WHAT THIS TASK INVOLVES
Could you restate all of the records below exactly, with the pictures left out?

*** Opening DATA SHOWN ***

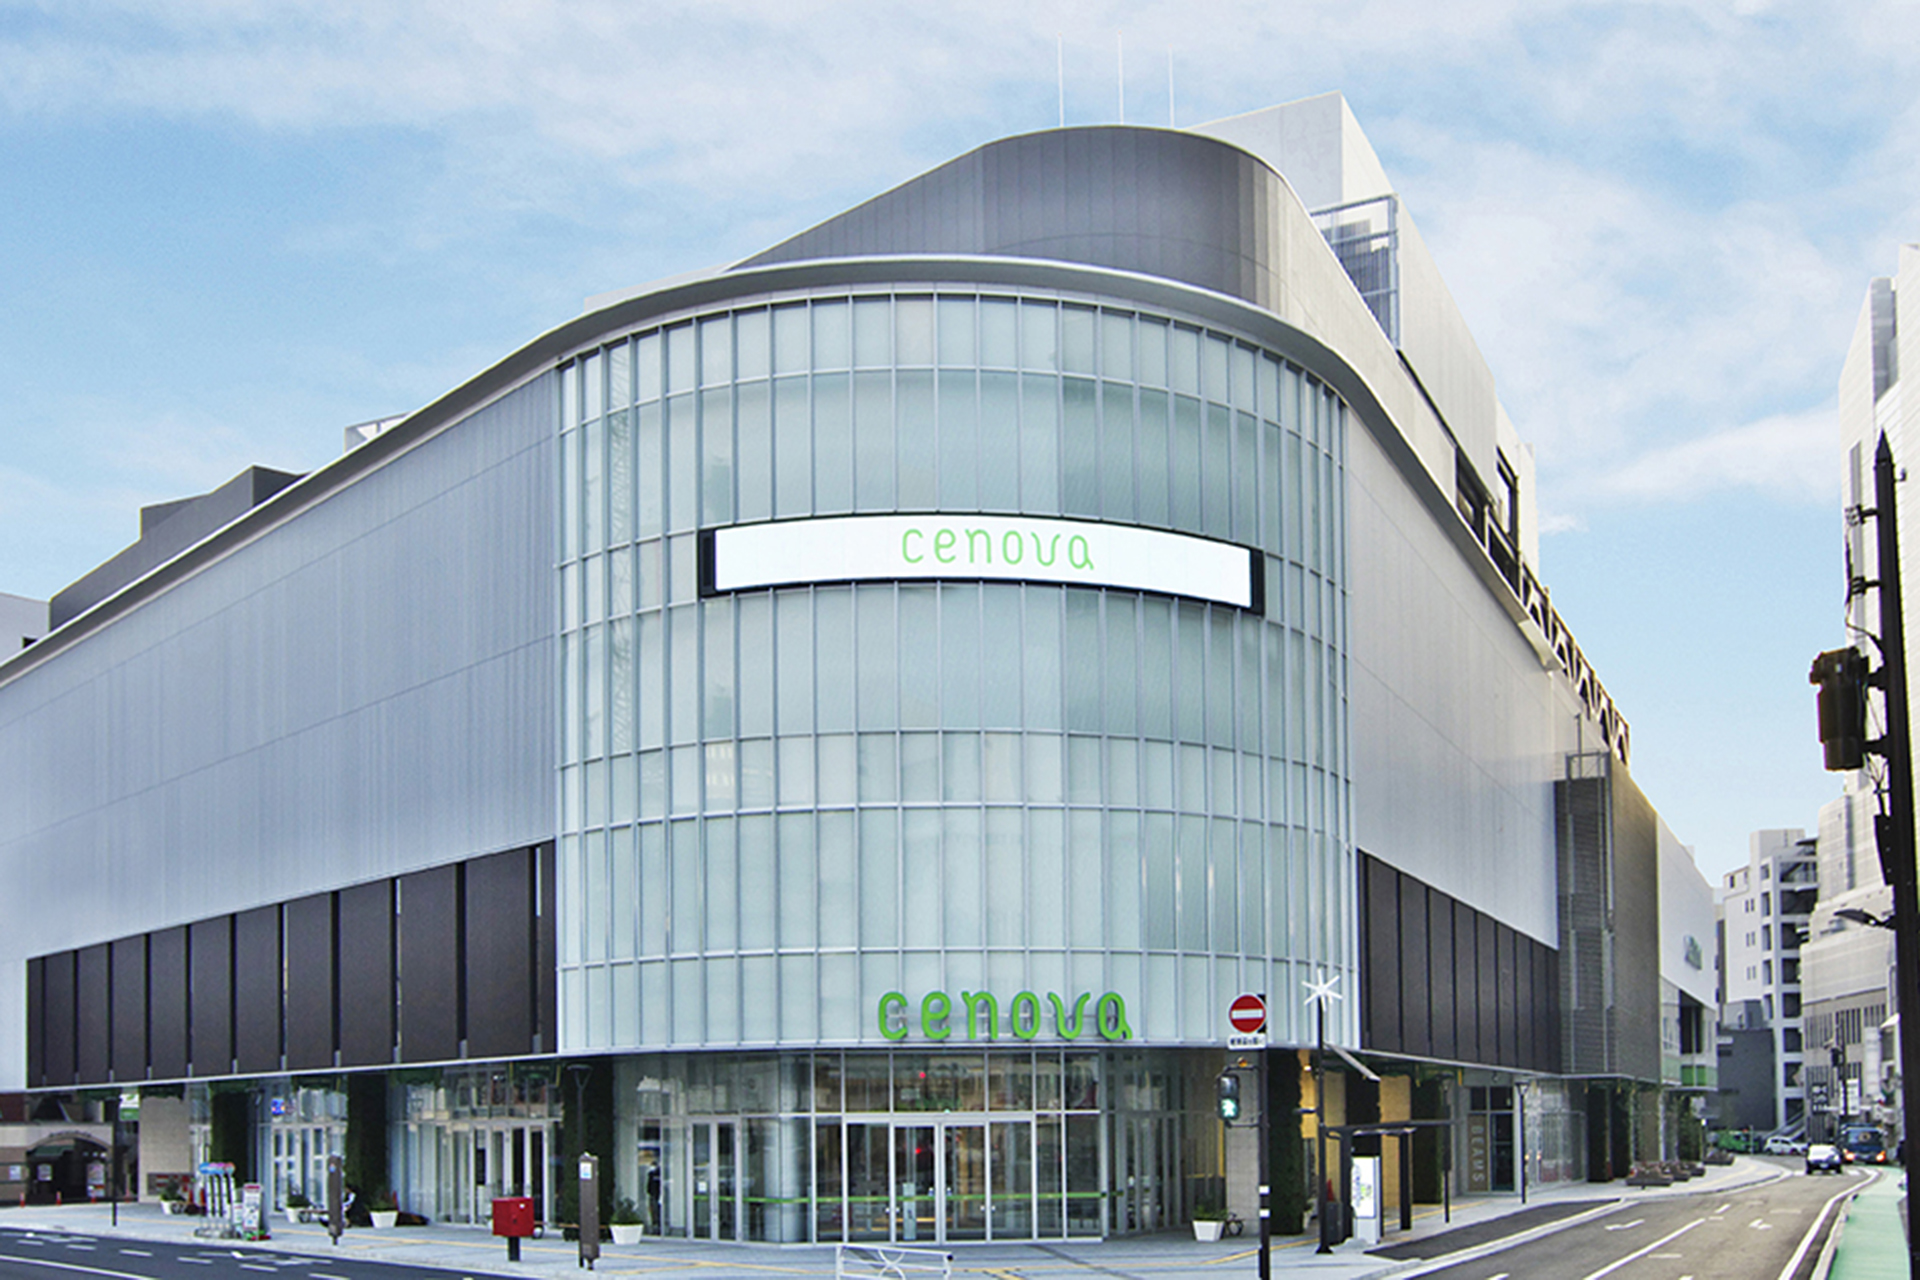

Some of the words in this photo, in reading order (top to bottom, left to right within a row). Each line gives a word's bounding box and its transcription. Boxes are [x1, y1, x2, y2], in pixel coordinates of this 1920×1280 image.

[902, 528, 1095, 570] cenova
[878, 990, 1133, 1041] cenova
[1470, 1125, 1485, 1182] BEAMS
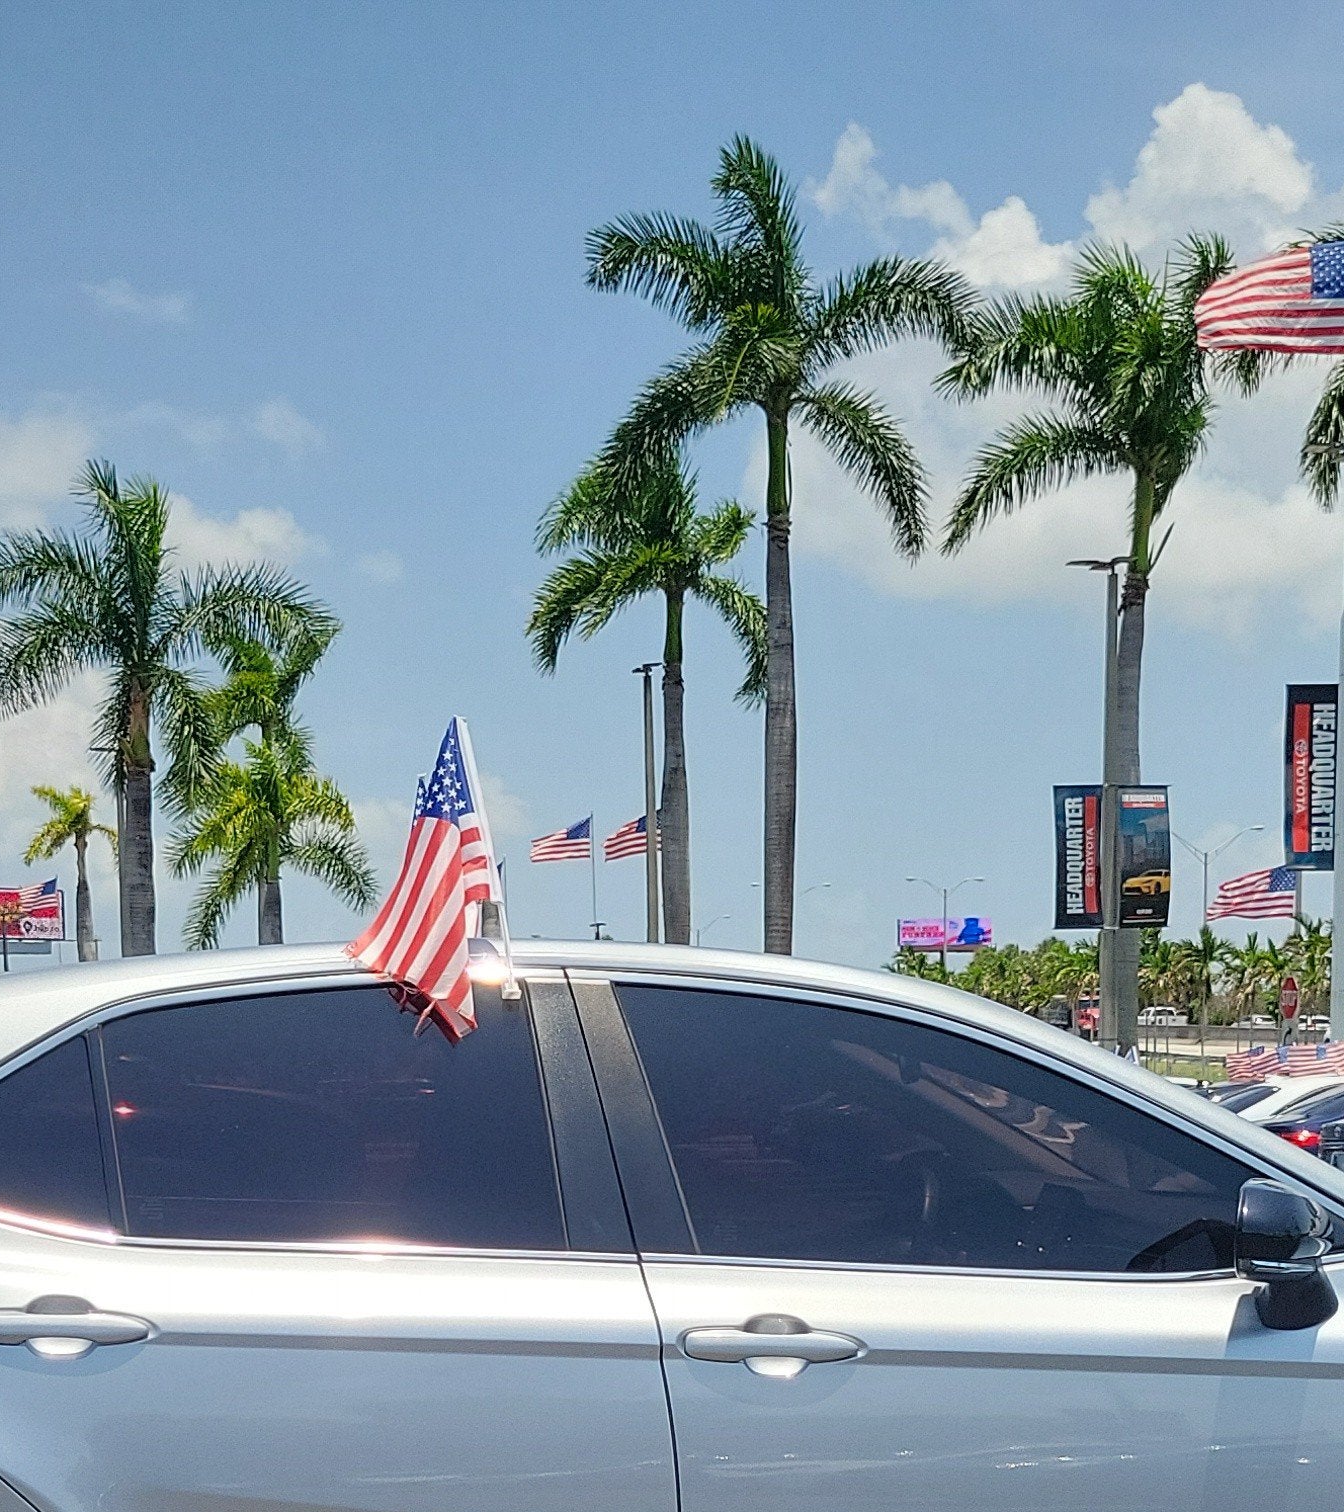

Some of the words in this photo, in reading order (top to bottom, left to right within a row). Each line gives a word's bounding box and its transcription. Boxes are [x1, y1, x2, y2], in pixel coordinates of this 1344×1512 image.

[1295, 757, 1308, 813] TOYOTA
[1309, 703, 1336, 852] HEADQUARTER
[1065, 797, 1084, 914] HEADQUARTER
[1085, 828, 1096, 875] TOYOTA
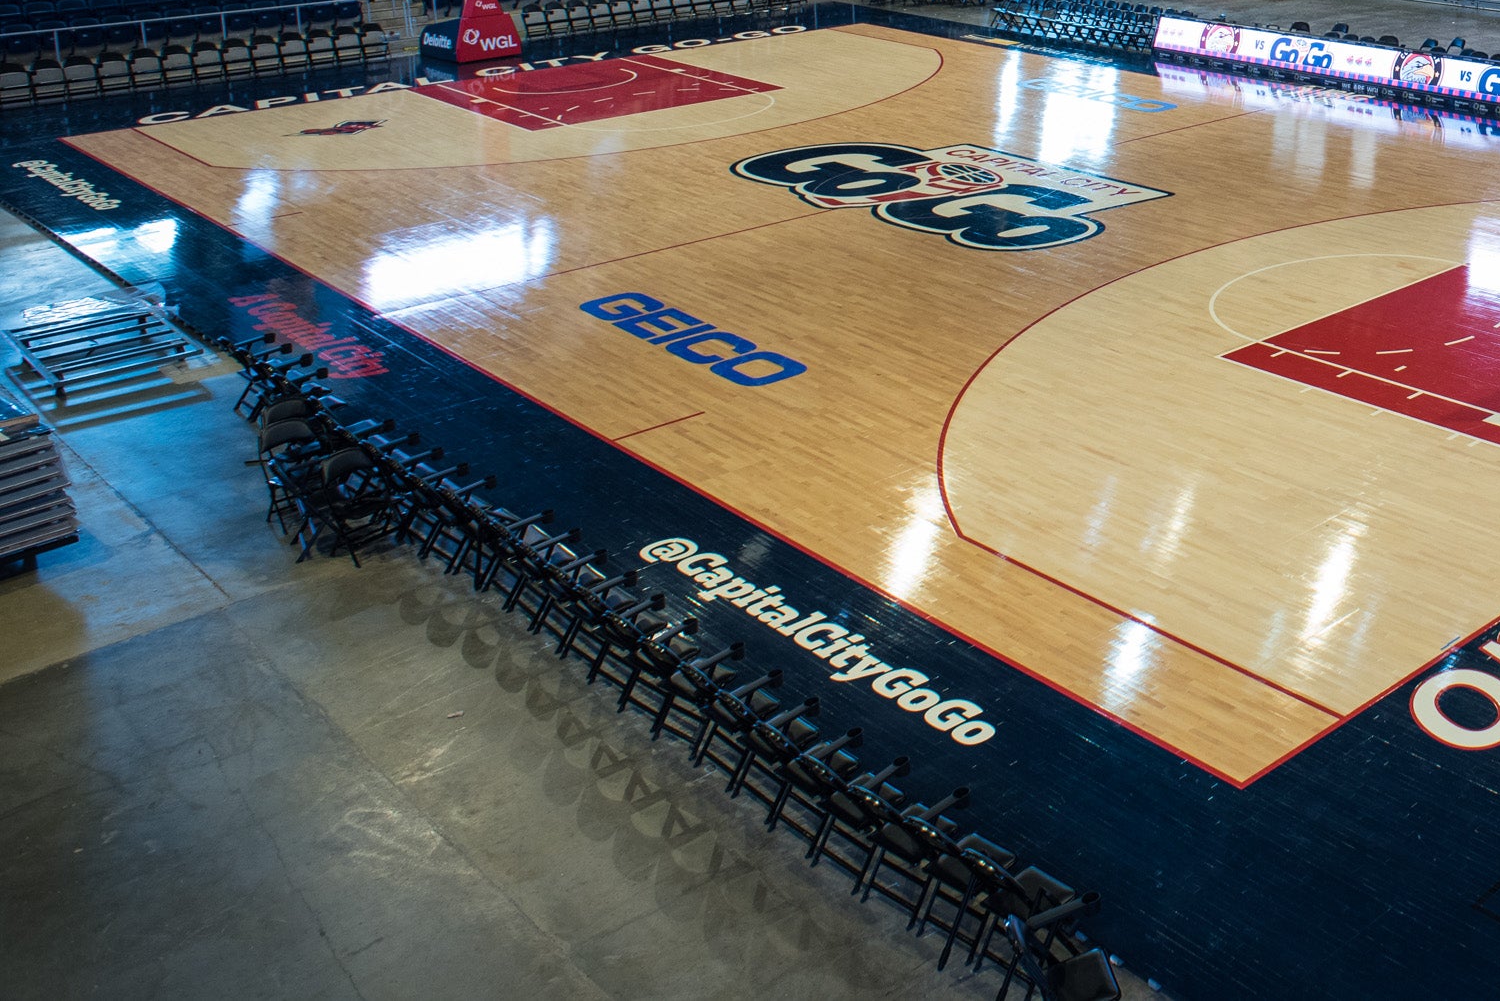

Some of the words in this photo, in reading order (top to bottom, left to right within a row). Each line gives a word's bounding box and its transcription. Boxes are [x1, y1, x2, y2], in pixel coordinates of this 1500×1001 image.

[480, 34, 518, 52] WGL
[1254, 39, 1265, 50] VS
[137, 77, 455, 126] CAPITAL
[474, 51, 609, 78] CITY
[631, 24, 807, 55] GO-GO
[1459, 69, 1472, 82] VS
[1060, 177, 1142, 197] CITY
[247, 301, 356, 350] Capital
[317, 343, 390, 380] City
[579, 291, 808, 387] GEICO
[638, 536, 997, 747] @CapitalCityGoGo
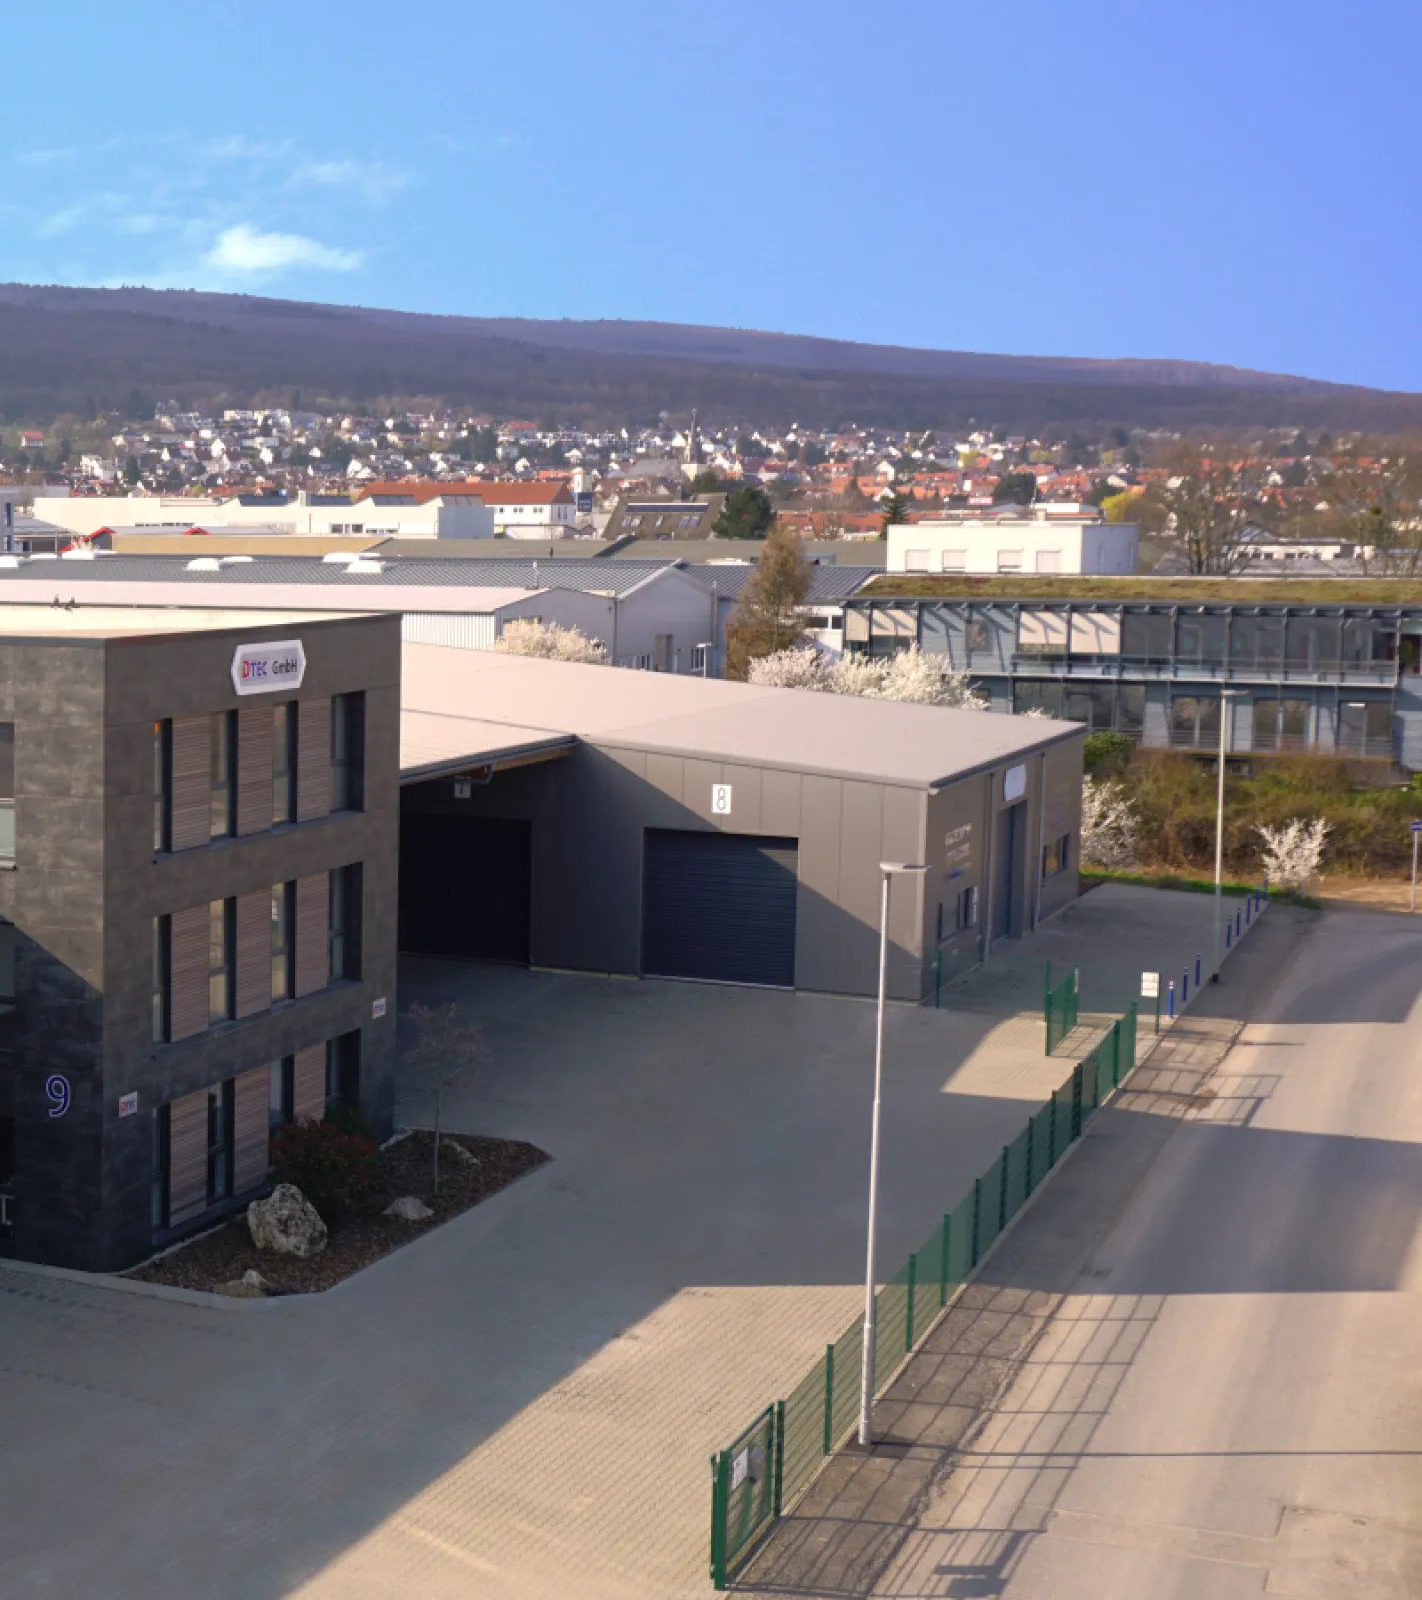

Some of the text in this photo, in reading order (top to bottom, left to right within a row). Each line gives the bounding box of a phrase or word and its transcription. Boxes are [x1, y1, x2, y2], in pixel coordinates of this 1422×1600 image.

*** Closing DATA SHOWN ***

OUTPUT BELOW
Some of the words in this photo, in reading order (top to bottom, left to right within a row). Each line gives a word's bounding box and its transcription. Boxes are [x1, y1, x2, y2], in pixel coordinates of this 1920×1280 image.

[902, 528, 1095, 570] cenova
[878, 990, 1133, 1041] cenova
[1470, 1125, 1485, 1182] BEAMS

Some of the words in this photo, in reading order (top to bottom, left to right within a row). Each line gives a word's bounding box and its transcription. Boxes are [x1, y1, x2, y2], in pixel coordinates of this 1344×1512 image.

[1295, 757, 1308, 813] TOYOTA
[1309, 703, 1336, 852] HEADQUARTER
[1065, 797, 1084, 914] HEADQUARTER
[1085, 828, 1096, 875] TOYOTA

Some of the words in this photo, in reading order (top to bottom, left to right within a row). Each line gives a word's bounding box and its transcription. Boxes are [x1, y1, x2, y2], in pixel coordinates of this 1500×1001 image.

[480, 34, 518, 52] WGL
[1254, 39, 1265, 50] VS
[137, 77, 455, 126] CAPITAL
[474, 51, 609, 78] CITY
[631, 24, 807, 55] GO-GO
[1459, 69, 1472, 82] VS
[1060, 177, 1142, 197] CITY
[247, 301, 356, 350] Capital
[317, 343, 390, 380] City
[579, 291, 808, 387] GEICO
[638, 536, 997, 747] @CapitalCityGoGo

Some of the text in this photo, in reading order (top to bottom, left to right within a row). Each line gives the bounding box of a phrase or word and its transcription. Boxes are [x1, y1, x2, y2], in pixel coordinates of this 1422×1600 image.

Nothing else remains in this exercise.